Ms. Wikoff: But that's too bad that you and I didn't know what the other was trying to do, because coordinated, hopefully - I don't know - you can't look back. So we'll have fun now looking at your pictures, and I'm so thankful that you do have them to share. And then we're going to have them on display in the Monmouth County Library in the month of November.

Ms. Dorrer: Well, I think that you do know that I gave a nice collection of pictures of one-room schools - it's a really valuable collection that I had. Mrs. Higgins came and got it just as I was cleaning out. Of course I had called Ted and asked him what I should do about it, and he told me whom to call. And she came and picked them up. I can't wait for that display because I helped the man who did that.

Ms. Wikoff: And you had them all with names on them.

Ms. Dorrer: Catalogued and everything, yes. I don't have as many pictures about my early days as I'd like to. I have a lot of when I was active on the State level and all that, but I don't have too many when I was young.

Ms. Wikoff: If you do have some, please let's send them to Mrs. Higgins. I understand that there's a way of putting pictures with this talk. 

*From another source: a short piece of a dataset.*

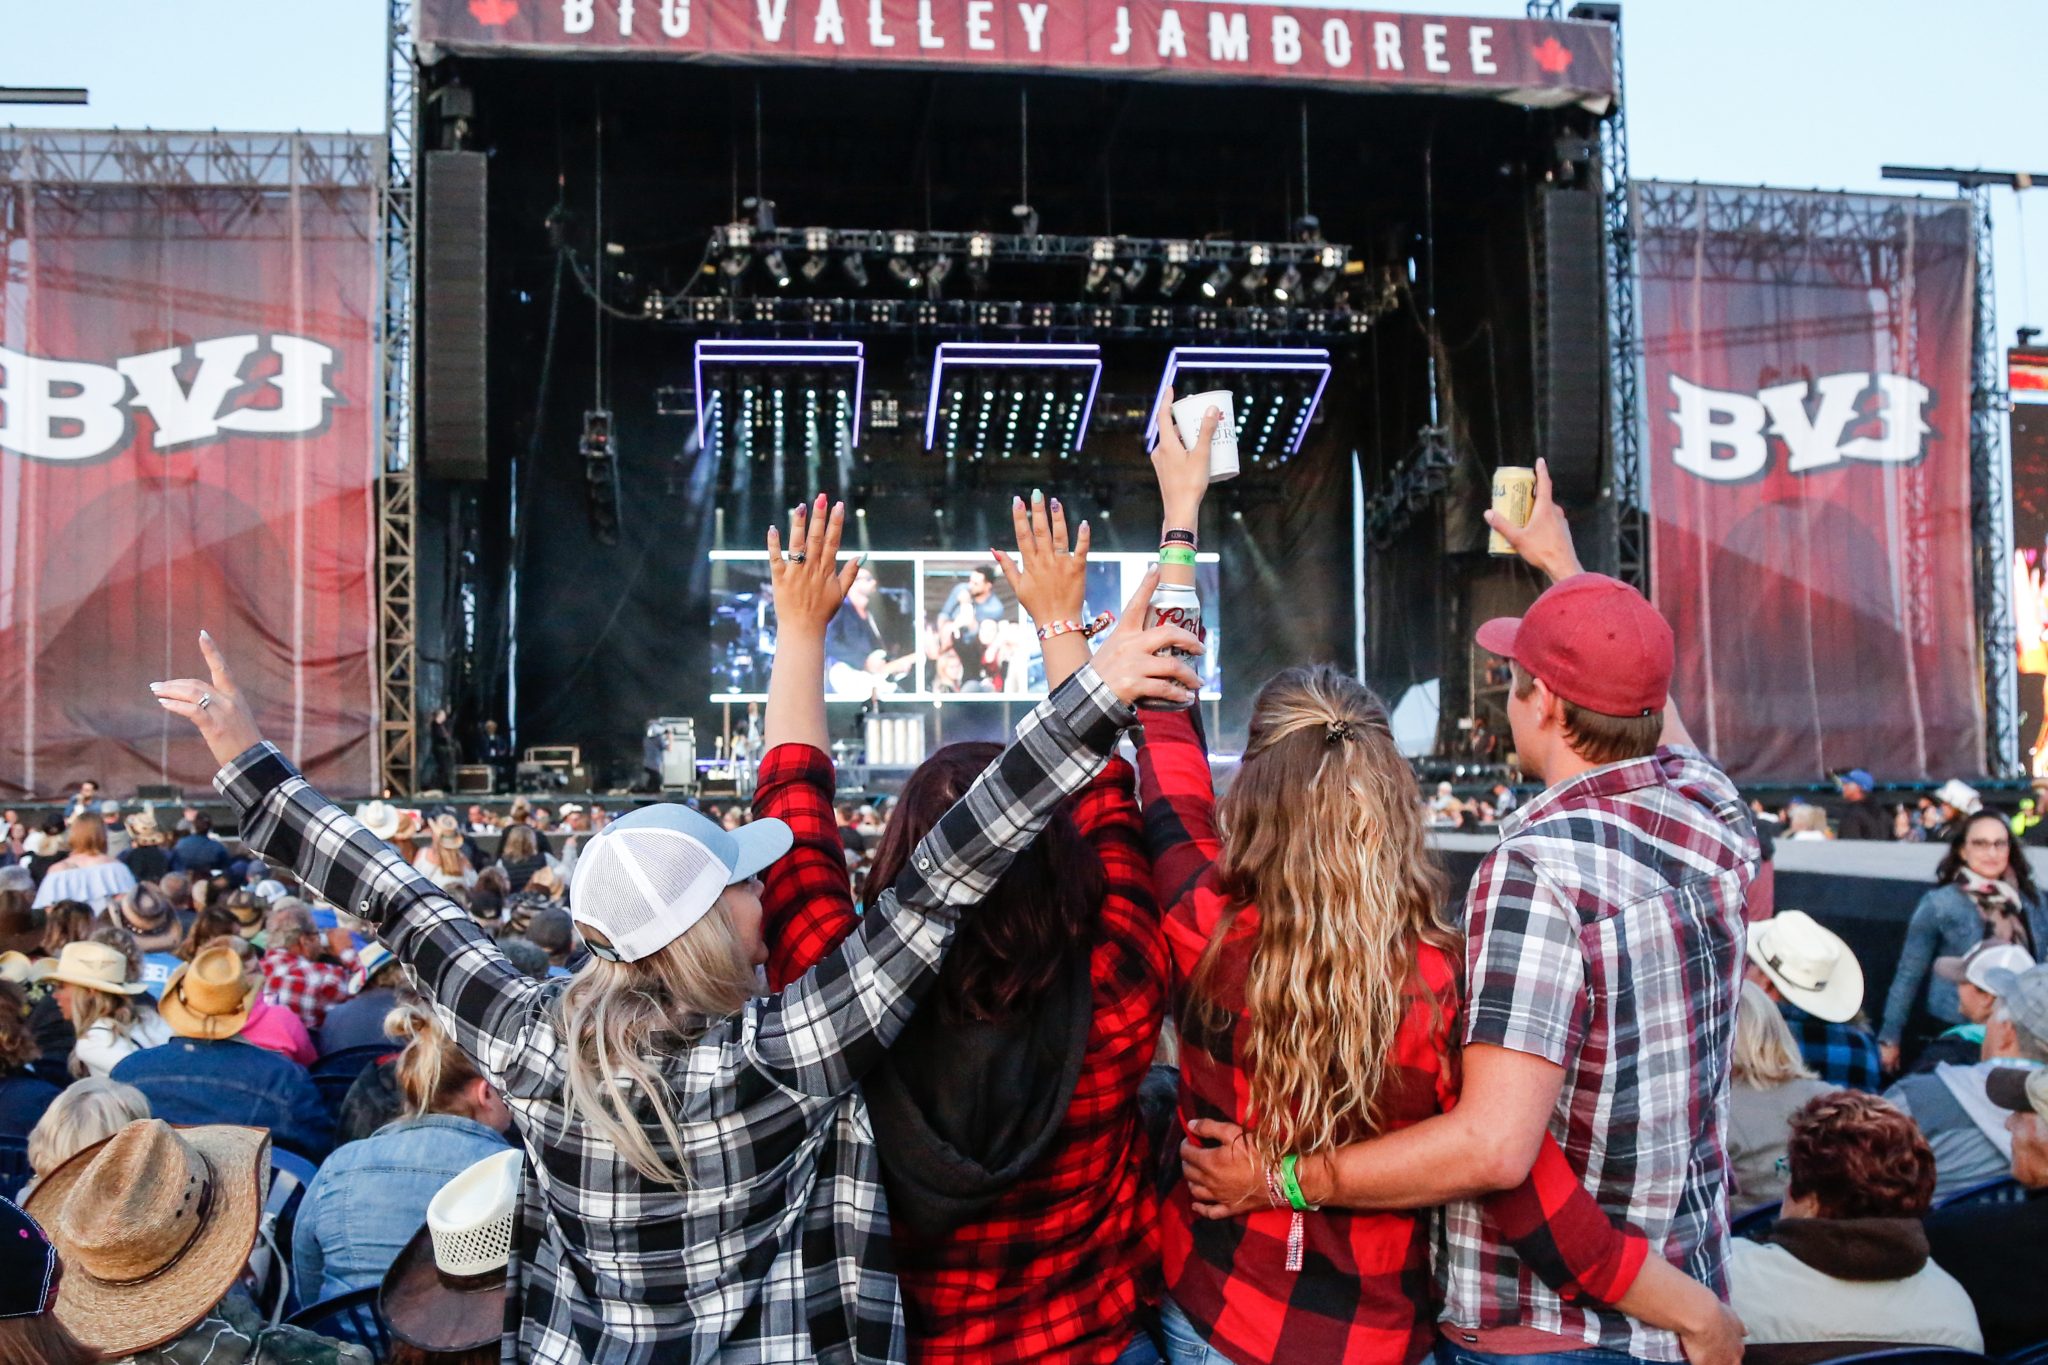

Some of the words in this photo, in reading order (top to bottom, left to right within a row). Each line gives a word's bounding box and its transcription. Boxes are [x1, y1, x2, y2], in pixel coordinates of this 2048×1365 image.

[561, 0, 691, 38] BIG
[756, 0, 1048, 52] VALLEY
[1110, 6, 1498, 75] JAMBOREE

Ms. Dorrer: I'm looking, of course, going through a lot right now. It brings back so many memories I start crying. I won't be around too much longer, but I'm so glad to see you.

Ms. Wikoff: Well, I am so happy to be able to do this interview I could cry too.

Ms. Dorrer: And I have such great memories of your family. Your mother was the greatest person.

Ms. Wikoff: Well, thanks an awful lot.